I’ve chosen to build my life around developing a routine of running. I’m struggling with rising early and getting to sleep early enough to maintain that schedule. But already, it’s bringing me peace.

I’ve signed up for training classes for an upcoming race, my first 10k with lots of hills. I’ve joined the local run club in my community. I’ve attended group runs. I’ve enlisted a running buddy to start soon. I’ve purchased running gear necessary. I’m learning to layer properly in differing weather so I can persevere.

I’ve also failed twice this week on something I consider major: I missed my training class Thursday, and slept through a group run this morning.

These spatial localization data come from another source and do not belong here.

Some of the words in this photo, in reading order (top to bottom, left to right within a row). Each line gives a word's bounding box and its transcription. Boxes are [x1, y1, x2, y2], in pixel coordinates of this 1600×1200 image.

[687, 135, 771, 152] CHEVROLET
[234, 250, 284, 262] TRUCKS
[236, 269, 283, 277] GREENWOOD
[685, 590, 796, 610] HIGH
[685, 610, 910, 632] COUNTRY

I’m worried because my next race has a time limit for me to qualify as a finisher– I usually need 1 hour and 30 minutes to run five miles. This race requires 1 hour and fifteen. I felt intimidated— but signed up anyway. Now that fee has been paid! I want that finisher’s medal.

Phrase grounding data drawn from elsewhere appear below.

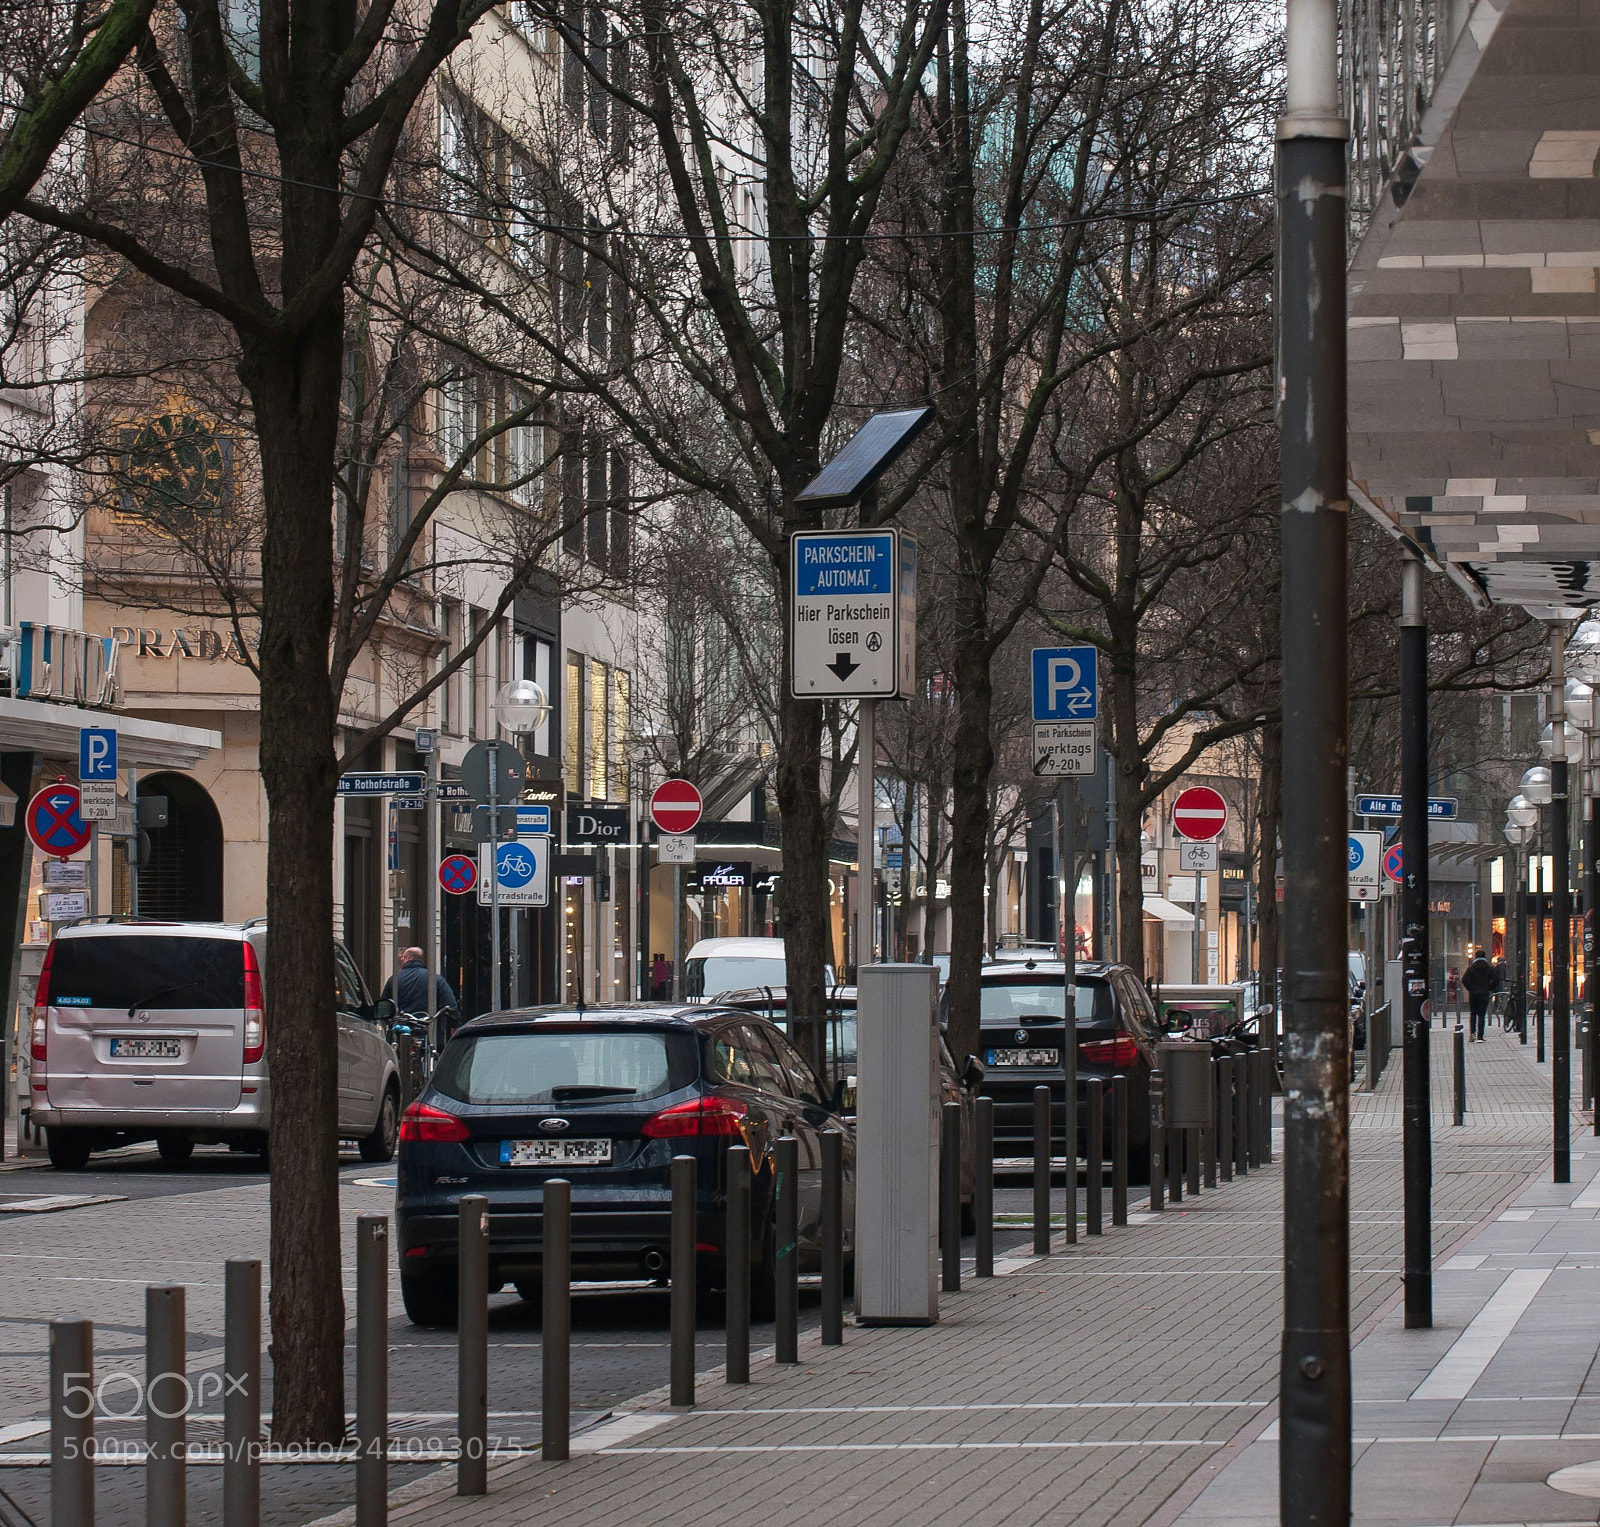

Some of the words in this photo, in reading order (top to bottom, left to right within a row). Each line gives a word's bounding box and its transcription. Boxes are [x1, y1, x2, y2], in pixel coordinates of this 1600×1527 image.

[804, 545, 884, 564] PARKSCHEIN-
[817, 569, 871, 587] AUTOMAT
[797, 605, 821, 622] Hier
[827, 603, 890, 621] Parkschein
[828, 627, 859, 644] lösen
[109, 626, 247, 663] PRADA
[1048, 657, 1081, 711] P
[1037, 728, 1050, 738] mit
[1052, 727, 1092, 738] Parkschein
[1037, 743, 1092, 756] werktags
[337, 781, 350, 790] lte
[354, 778, 411, 790] Rothofstraße
[82, 796, 115, 807] werktags
[523, 788, 558, 801] Cartier
[1369, 800, 1387, 811] Alte
[576, 815, 622, 836] Dior
[483, 891, 544, 900] Farradstraße

Today as I ran, I pushed myself. I knew I had to wean my mileage and maintain it below a 15 minute mile. And I did, except for two short bouts of walking. I noticed my knees hurting by the end, 3.16 miles. But I don’t normally feel that when I’m running regularly.

Tomorrow morning I’m meeting someone from our running group early. I’ll go faster.

I’ll be the runner I know is within me.

I think I’ve found something special with running.

And it’s in every road, every time I put on my shoes.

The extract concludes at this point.